Medicines that may make heart failure symptoms worse

There are many medicines that you'll need to avoid when you have heart failure. Some are over-the-counter drugs that you can buy without a prescription. Others are drugs that a doctor may prescribe.

Do not start taking any of the medicines listed in the table below unless your doctor says it is okay and he or she knows that you have heart failure. If your heart failure is mild, you may be able to use some of the medicines for a short time, but it’s very important to ask your doctor first.

If you are already taking a medicine on the list below, be sure to ask your doctor or pharmacist if it is okay to take it.

Medicines you may need to avoid

Over-the-counter medicines you may need to avoid (talk to your doctor or pharmacist)

Prescription medicines you may need to avoid (talk to your doctor or pharmacist)

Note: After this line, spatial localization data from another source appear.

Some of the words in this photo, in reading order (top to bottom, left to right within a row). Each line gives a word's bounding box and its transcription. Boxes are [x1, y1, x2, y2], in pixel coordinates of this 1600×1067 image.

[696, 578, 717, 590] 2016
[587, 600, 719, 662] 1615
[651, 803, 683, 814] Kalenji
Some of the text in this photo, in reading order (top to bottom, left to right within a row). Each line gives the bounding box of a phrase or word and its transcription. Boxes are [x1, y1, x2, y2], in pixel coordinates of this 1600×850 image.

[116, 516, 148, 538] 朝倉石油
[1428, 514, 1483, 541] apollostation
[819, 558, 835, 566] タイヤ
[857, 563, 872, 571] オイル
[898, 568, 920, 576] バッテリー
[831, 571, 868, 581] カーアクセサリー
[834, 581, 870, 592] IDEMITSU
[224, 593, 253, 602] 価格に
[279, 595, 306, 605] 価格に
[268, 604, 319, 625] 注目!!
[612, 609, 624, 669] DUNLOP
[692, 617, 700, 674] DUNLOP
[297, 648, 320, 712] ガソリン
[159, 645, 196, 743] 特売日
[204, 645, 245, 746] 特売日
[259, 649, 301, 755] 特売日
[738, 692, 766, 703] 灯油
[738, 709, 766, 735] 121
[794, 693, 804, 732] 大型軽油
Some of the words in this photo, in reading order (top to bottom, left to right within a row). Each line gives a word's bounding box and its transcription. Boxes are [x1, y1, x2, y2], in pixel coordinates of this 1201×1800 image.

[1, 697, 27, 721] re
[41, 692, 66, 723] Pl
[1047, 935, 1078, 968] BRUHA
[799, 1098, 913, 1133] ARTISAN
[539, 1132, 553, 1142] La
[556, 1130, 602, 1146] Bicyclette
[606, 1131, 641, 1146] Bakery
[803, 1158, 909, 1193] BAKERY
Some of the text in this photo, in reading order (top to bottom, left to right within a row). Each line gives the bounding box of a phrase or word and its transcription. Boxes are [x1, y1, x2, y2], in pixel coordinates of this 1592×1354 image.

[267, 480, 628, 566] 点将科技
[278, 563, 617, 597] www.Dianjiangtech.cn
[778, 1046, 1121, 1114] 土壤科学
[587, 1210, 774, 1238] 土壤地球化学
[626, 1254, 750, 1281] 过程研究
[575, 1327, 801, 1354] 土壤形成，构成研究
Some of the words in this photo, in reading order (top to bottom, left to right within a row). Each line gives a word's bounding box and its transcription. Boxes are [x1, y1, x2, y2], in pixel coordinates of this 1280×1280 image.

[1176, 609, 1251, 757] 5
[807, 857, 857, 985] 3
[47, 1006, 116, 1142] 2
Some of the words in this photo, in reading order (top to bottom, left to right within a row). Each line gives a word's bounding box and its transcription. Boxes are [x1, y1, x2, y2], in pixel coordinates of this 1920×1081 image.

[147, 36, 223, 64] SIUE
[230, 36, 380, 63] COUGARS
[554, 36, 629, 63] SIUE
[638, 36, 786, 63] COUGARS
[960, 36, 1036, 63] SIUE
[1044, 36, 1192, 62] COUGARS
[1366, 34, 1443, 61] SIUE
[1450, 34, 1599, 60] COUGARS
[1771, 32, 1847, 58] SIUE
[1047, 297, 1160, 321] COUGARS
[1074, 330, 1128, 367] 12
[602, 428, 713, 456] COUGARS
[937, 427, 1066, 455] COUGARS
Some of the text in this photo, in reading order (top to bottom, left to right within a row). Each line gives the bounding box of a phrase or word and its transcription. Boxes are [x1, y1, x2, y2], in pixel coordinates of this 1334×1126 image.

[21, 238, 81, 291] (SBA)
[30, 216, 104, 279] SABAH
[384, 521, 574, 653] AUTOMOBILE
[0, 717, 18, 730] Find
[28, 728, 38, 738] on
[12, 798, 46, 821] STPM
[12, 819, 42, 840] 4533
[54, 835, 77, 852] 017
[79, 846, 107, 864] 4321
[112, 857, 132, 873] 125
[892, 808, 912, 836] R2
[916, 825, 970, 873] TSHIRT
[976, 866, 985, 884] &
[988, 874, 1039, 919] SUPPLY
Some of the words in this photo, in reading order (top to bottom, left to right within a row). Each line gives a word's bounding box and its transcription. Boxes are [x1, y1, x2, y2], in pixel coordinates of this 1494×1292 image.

Pain relievers called NSAIDs

  • Ibuprofen, such as Advil and Motrin
  • Naproxen, such as Aleve
  • Aspirin, such as Bayer
    • If your doctor has told you to take a low-dose aspirin every day for your heart problems, it’s probably okay to take it. Low-dose aspirin can help prevent blood clots and may prevent a stroke or a heart attack.
    • Higher doses of aspirin may make your heart failure worse. Do not take aspirin for pain, such as from headaches or arthritis. Use acetaminophen, such as Tylenol, instead.

Prescription NSAIDs

  • Celecoxib (Celebrex)
  • Etodolac (Lodine)
  • Ibuprofen (prescription-strength Motrin)
  • Indomethacin (Indocin)
  • Ketoprofen
  • Nabumetone (Relafen)
  • Naproxen sodium (Anaprox)
  • Piroxicam (Feldene)
  • Salsalate (Disalcid, Salsitab)
  • Sulindac (Clinoril)

Cold, cough, flu, or sinus medicines

  • Be sure to check the label. Do not take medicines that contain pseudoephedrine, ephedrine, phenylephrine, or oxymetazoline, such as:
    • Sudafed.
    • Nose sprays (decongestants), such as Afrin and Dristan.
    • Herbal remedies, such as ma huang and Herbalife.
  • Make sure your cough and cold medicines don't contain aspirin or ibuprofen.

Antiarrhythmics

  • These are drugs used to treat a fast or uneven heart rhythm. You may need to avoid the following:
    • Quinidine (Quinaglute, Quinidex Extentabs)
    • Disopyramide (Norpace)
    • Procainamide
    • Flecainide (Tambocor)
    • Sotalol (Betapace AF)
    • Propafenone (Rythmol)
    • Dofetilide (Tikosyn)

Antacids or stool softeners

  • Do not take ones that contain sodium, such as Alka-Seltzer or Dulcolax.

Calcium channel blockers

  • People with a certain kind of heart failure may need to avoid the following medicines:
    • Diltiazem (Cardizem, Dilacor XR, Taztia, Tiazac)
    • Verapamil (Calan SR, Isoptin SR)
  • If you need to take a calcium channel blocker for another health problem, such as high blood pressure, your doctor will watch your health carefully.
 

Certain diabetes medicines

  • Most diabetes drugs are safe to take, but you may need to avoid the following:
    • Thiazolidinediones—rosiglitazone (Avandia) and pioglitazone (Actos)
    • Metformin (Glucophage)
 

Certain antibiotics

  • Some antibiotics may interfere with how your body uses the medicine digoxin. If you take digoxin, talk with your doctor before taking antibiotics.